(Note: All times noted in this document are Eastern Daylight Time (EDT).)
At approximately 6:00 P.M., on April 11 th , 2014, the NCREN constituents listed below experienced an interruption of network service when a total and catastrophic failure of the MCNC NCREN Research
Triangle Park (RTP) optical node occurred. This event caused an interruption of network connectivity service for all NCREN constituents that receive IP and/or transport services through the
RTP Regional Point-‐of-‐Presence (RPoP). In addition, MCNC Data Center constituents experienced an interruption of service during this event. The RTP optical node was restored and returned to service by approximately 12:00 A.M., April 12 th , 2014. The majority of the disrupted constituent connectivity services were restored at this time, but several constituents’ services remained unavailable until restored at approximately 1:30 A.M., April 12 th , 2014.
The outage was caused by a catastrophic failure of the MCNC NCREN Research Triangle Park (RTP) optical transport node.

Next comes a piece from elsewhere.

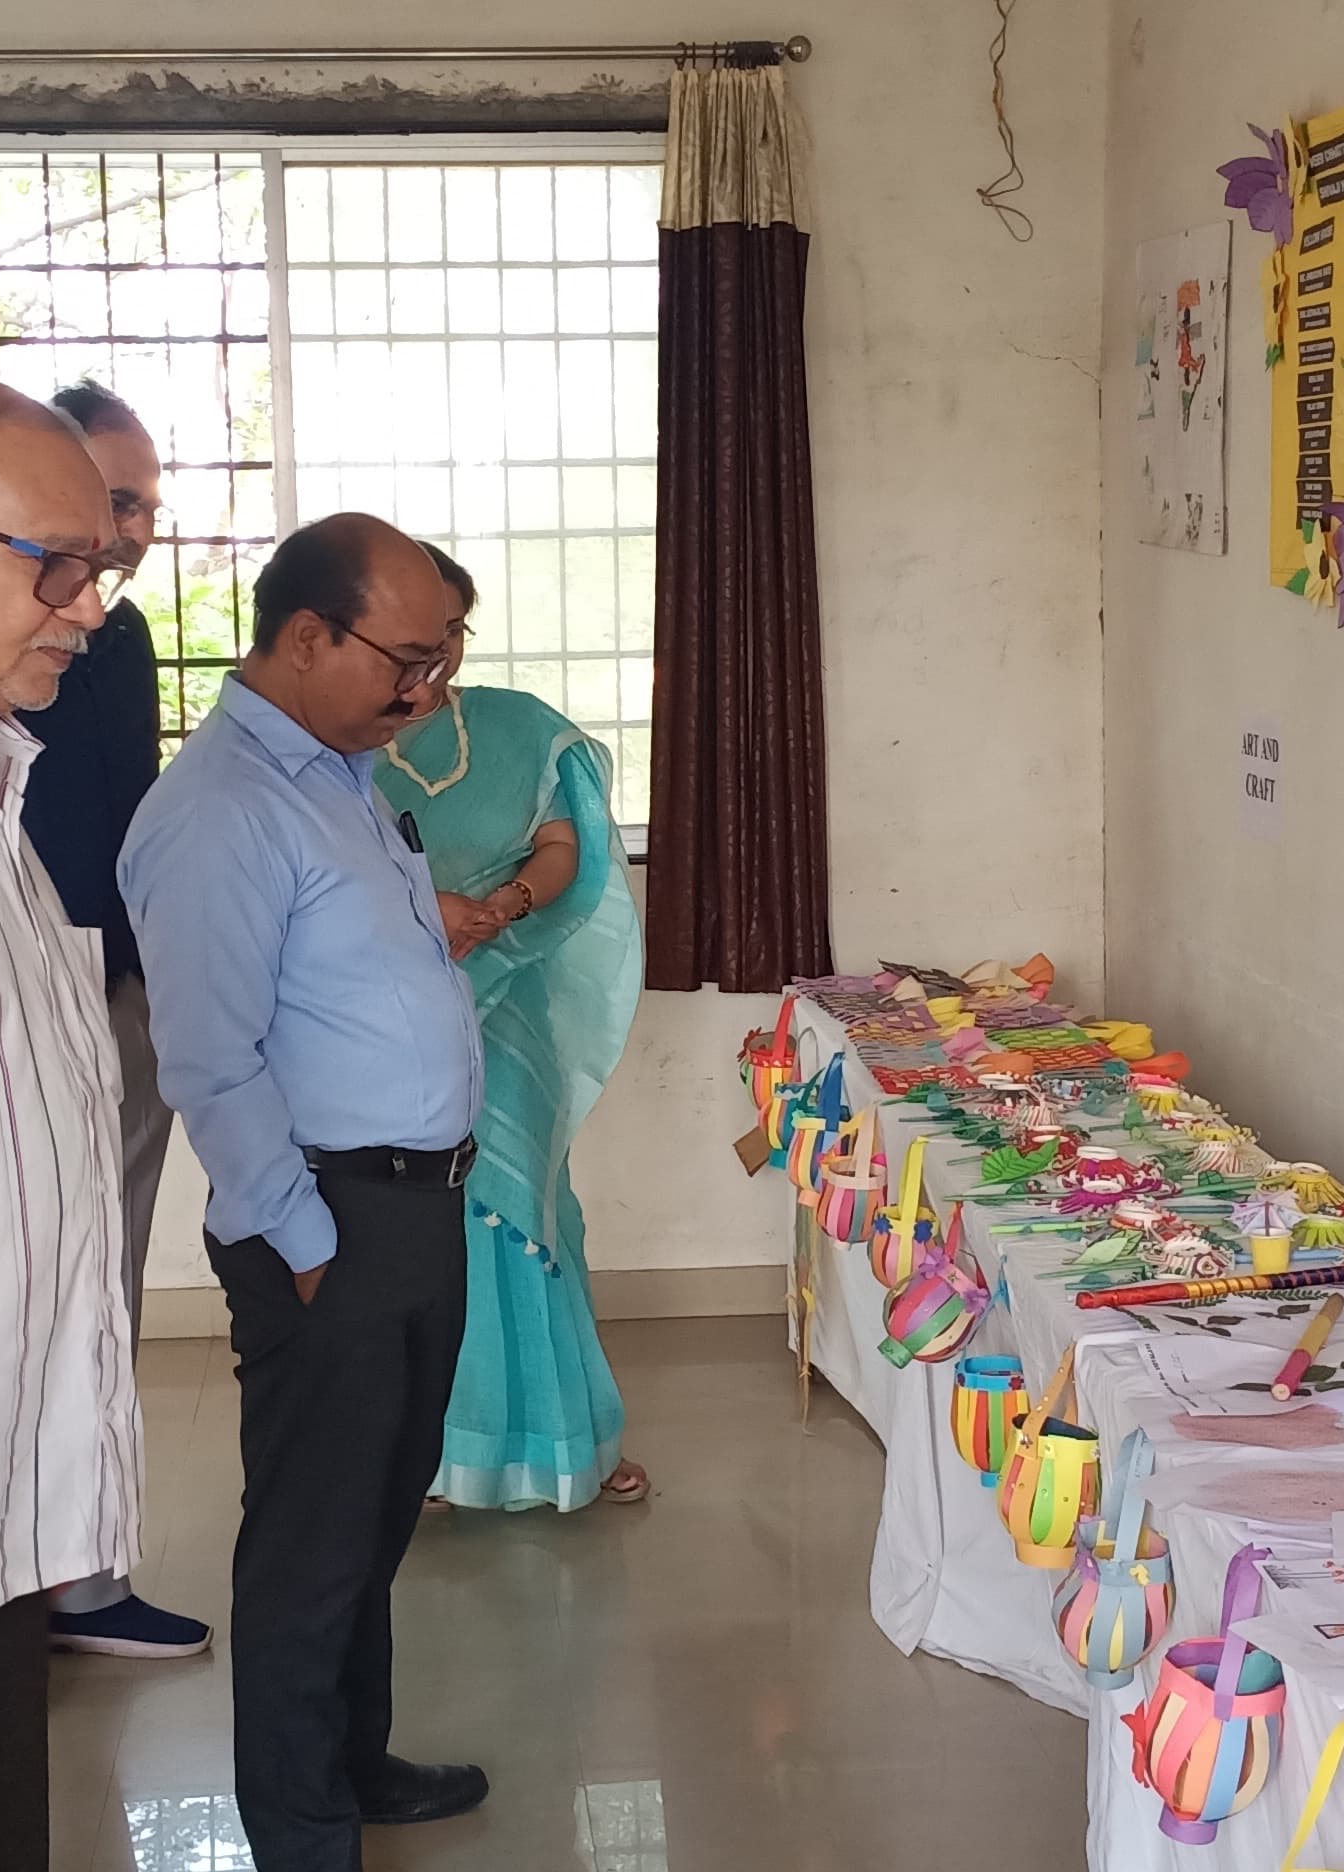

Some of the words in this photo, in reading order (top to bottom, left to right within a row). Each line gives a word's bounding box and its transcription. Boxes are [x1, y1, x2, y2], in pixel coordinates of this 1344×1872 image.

[1241, 733, 1259, 758] ART
[1261, 737, 1280, 762] AND
[1245, 773, 1275, 803] CRAFT

Both the primary and redundant line cards that are responsible for the timing and control functions of the optical node spontaneously and simultaneously failed leaving the entire node in a state such that no network traffic could be passed. The equipment vendor performed exhaustive diagnostic tests post restoration, but ultimately, to date has not been able to determine the root cause of the initial failure. Restoration of service was delayed due to two factors: 1) a software bug which resulted in continuous controller card switchover and resets and 2) corruption of the optical node’s backup configuration database files that are routinely created by the vendor’s management platform.
At approximately 5:00 P.M., April 11 th , an NCREN network engineer noticed in the vendor supplied optical monitoring system that the RTP Optical Node’s primary timing and control card appeared to have lost its connection to the optical monitoring system. The engineer attempted to reach the network management interface on the card via several NOC computer workstations, but to no avail.
At this time, there was no loss of service.
At approximately 5:15 P.M., April 11 th , the decision was made to manually failover the primary timing and control card to the redundant card by removing the primary card from its slot based on processes and procedures authorized by the equipment vendor in similar situations in the past.
Though the card’s status LEDs indicated that the redundant card was now active, NCREN network engineers were still not able to reach the network management interface on the card. There was still
no loss of service at this time.
2014-‐04-‐11 NCREN Optical Node Outage -‐ RTP Postmortem FINAL.docx
1
At approximately 5:20 P.M., April 11 th , the decision was made to fail back over to the primary timing and control card by reinserting it into its slot. At this point, both the primary and redundant timing and control cards began a 30-‐minute rebooting and syncing phase. Once complete, it appeared that the primary card’s status LEDs indicated that it had become the active timing and control card; however, the network management interface on the card could still not be reached. There was still no
loss of service at this time.
At approximately 6:00 P.M., April 11 th , the decision was made to make another attempt at regaining connectivity to the RTP Optical Node’s network management interface by removing and reinserting the primary timing and control card from the node. Shortly after the reinsertion, the RTP Optical
Node suffered a complete failure that resulted in the loss of all services provisioned on or through the node.
The NCREN Network Operations Center (NOC) began receiving network management system’s alarms and calls from multiple NCREN constituents starting at approximately 6:00 P.M. The issue was immediately isolated to the Research Triangle Park RPoP optical node, where Senior Network
Engineers were immediately engaged in troubleshooting the issue. The incident was escalated to
MCNC executive management within 20 minutes.
By 6:30 P.M., MCNC senior network engineers felt that based on the behavior of the failed optical node, that the appropriate measure was to restore the node’s configuration from backup. After several failed attempts at approximately 7:19 P.M., a Technical Assistance Case (TAC) was opened with the equipment vendor. Senior engineers then worked with TAC to identify a working backup file and restore the failed optical node.
At approximately 7:30 P.M., NCREN Executive Management escalated the issue with the equipment vendor account team.. MCNC NCREN senior network engineers continued troubleshooting the issue
with the equipment vendor to identify the source of the problem. There was no ETR at that time.
After working with the equipment vendor’s TAC for several hours, a non-‐corrupt backup configuration database file was identified on the NCREN NOC’s optical network monitoring system and the RTP optical node was restored and back in service by approximately 12:00 A.M., April 12 th .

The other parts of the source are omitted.